GLOBAL KNOWLEDGE FOR GLOBAL CHANGE

Women, equity and democracy in Egypt: From Tahrir Square to my kitchen

11 March 2011

Women protesting for gender equity in Cairo. Photo: Adham Bakry.11 March 2011 - Hania Sholkamy

The following is a diary extract from Hania Sholkamy, convener of the Middle East hub of the IDS Pathways of Women's Empowerment Research Consortium. It is a sober reminder of why we still need International Women's Day.

On 8 March 2011, there were a multitude of demonstrations for various causes in downtown Cairo. But despite this effervescence of protest and the openness with which Cairo has been blessed since 11 February when Hosny Mubarak resigned, the demonstration by women commemorating International Women's Day and standing peacefully in Tahrir square is the only demonstration that was attacked, harassed, ridiculed, shouted down and ultimately chased out of the square.
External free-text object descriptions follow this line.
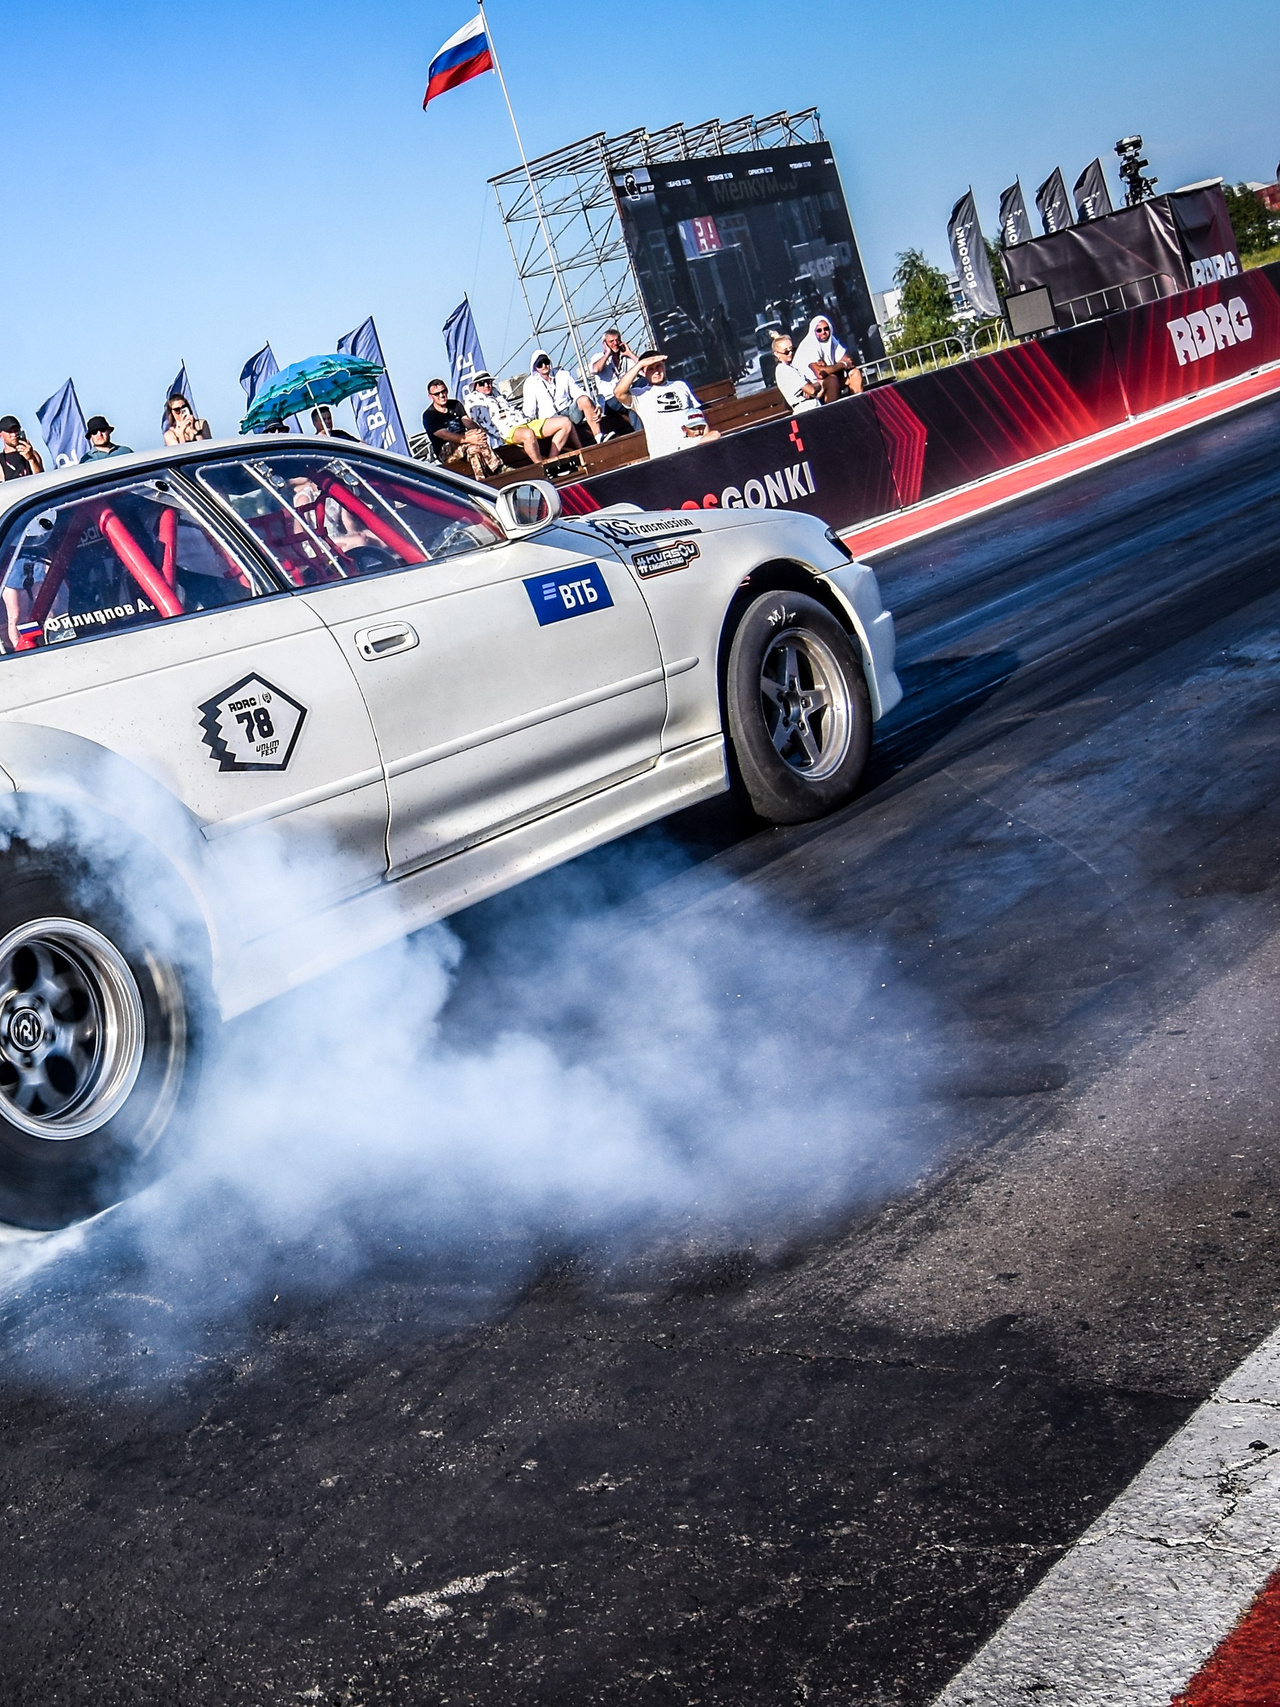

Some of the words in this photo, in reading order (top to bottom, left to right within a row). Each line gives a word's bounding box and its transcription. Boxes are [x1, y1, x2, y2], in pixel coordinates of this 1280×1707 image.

[1190, 251, 1239, 287] RDRC
[1166, 296, 1253, 366] RDRC
[558, 578, 598, 609] ВТБ
[45, 603, 135, 631] Филиппов
[136, 598, 155, 613] А.
[228, 697, 257, 712] RDRC
[235, 707, 274, 743] 78
[261, 747, 278, 757] FEST
No other demonstrators were heckled, told that their demands are unjustified, unnecessary, a threat to the gains of the revolution, out of time, out of place, and the product of a 'foreign agenda'. No other demonstrators were told to 'go back home and to the kitchen'. No others were heckled for how they look and what they were wearing.
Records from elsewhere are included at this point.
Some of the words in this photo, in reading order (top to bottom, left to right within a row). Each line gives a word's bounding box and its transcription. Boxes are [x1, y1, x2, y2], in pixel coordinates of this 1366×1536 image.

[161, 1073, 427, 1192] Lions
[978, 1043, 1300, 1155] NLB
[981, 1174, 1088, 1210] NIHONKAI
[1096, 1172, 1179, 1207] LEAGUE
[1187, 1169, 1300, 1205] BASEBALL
When we congregated at around three o'clock, we sensed a brewing resentment amongst the hundreds of almost all male protestors protesting against us and blocking traffic. 'Go home and make mahshy' I was told. In unison, they were saying 'batil' (illegitimate) to the demands for gender equity and 'awra' (ignominy) to women standing with their frankly innocent and almost naïve demands. 'Back to the kitchen' and 'off the square' were other chants. One elderly gentleman said that the posters held by the women demonstrators were an offence to the good women who were 'mothers of the martyrs', who deserve respect and rights not like these women who deserve nothing. Then young men fired up by the imagery he was invoking started snatching our posters, tearing them up and throwing them at the quite baffled, dejected, astounded men and women.

This gives a feel of what happened yesterday and continues to happen to any political action undertaken in Egypt by feminists and equity advocates.
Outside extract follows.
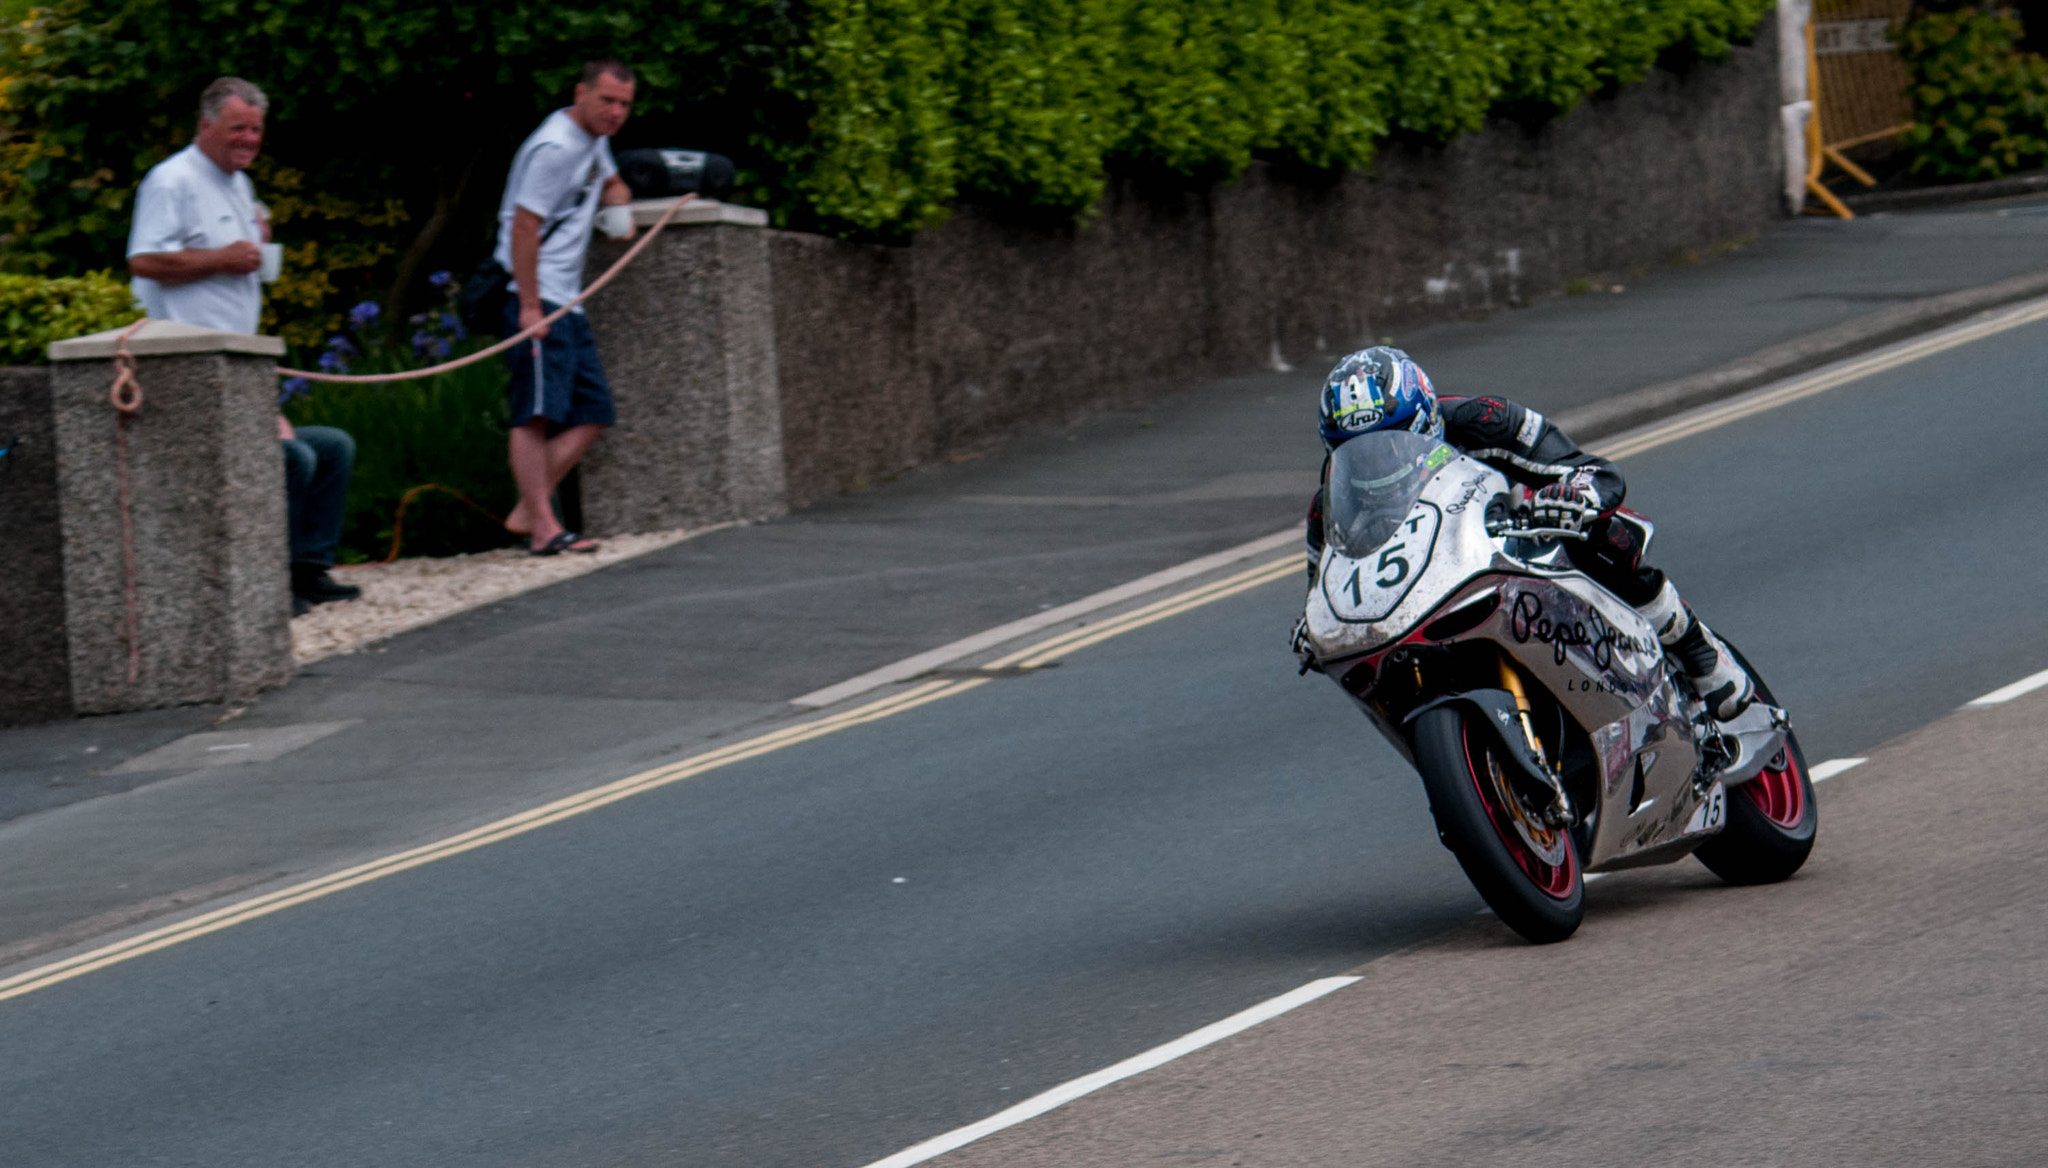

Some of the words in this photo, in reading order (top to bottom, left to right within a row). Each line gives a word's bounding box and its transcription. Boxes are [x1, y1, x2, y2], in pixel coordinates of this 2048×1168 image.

Though women and men together planned and sustained the protest for democracy in Egypt and movement had been gender neutral, yesterday, the square was witness to the flight of tens of harassed women as their opponents ran them off the square. So how do we reconcile the symbolism of the square as a forum for expression and freedom with its current chaos? How do we sustain justice and gender rights? How do we support the values of the revolution in the face of the neglect or animosity of revolutionaries?

Evidently the space of protest is not a neutral one when it comes to questions of gender. But there are more important lessons with which we need to contend:

The first is that democracy may not deliver equal rights for women. Democracy can become a tyranny if not tempered by a commitment to basic principles and freedoms. It has been easy to get millions to agree to jettison Mubarak. It will be hard to get them to agree on what comes next. Whatever the politics of our future governments and legislatures may be, some basic principles of rights and freedoms have to be clearly stated and not left to the vagaries of elections. All free nations have imposed limits on the ability of people to harm or undermine their compatriots. This is a position we need to realise and cement into our national psyche.

The second lesson is that women should focus on demanding democratic processes that enable them to have voice and realise achievements. We should perhaps have demonstrated to dissolve the national machinery known as the National Council for Women and create a new body formed of civil society organisations with an elected board that is accountable to its constituents. We should insist on quotas for women within every new and old political party so as to insure that all politics are gendered. We should lobby for participatory policy councils that oversee the services we require from the state. These local councils would consult their citizens when planning health, social protection, education, policing and housing policy through a legally binding process. Perhaps women can realise citizenship-focused democracy by demanding the mechanisms that deliver justice to all.

There are no avenues to women's political empowerment that do not traverse the landscape of politics as a whole. Quotas in a rigged election, accesses to high office in the absence of transparency and accountability, local council representation without good governance or voice without freedom do not deliver gender justice. A set programme does not circumscribe the demands for freedom and change that we hear now in Egypt. The recommended recipe that forms development agendas fades when faced with genuine will and human quests for dignity and choice. So we should mull over the significance of yesterday's stand-off and see it as a premonition of things that could come if we do not reconsider the strategies that a woman's movement needs to adopt to wade into democratic territories.

Meanwhile we must not lose hope or humor and since my friends say I am a good cook, I shall now go home to my kitchen and my kids and make a mean mahshy that my detractors would die for!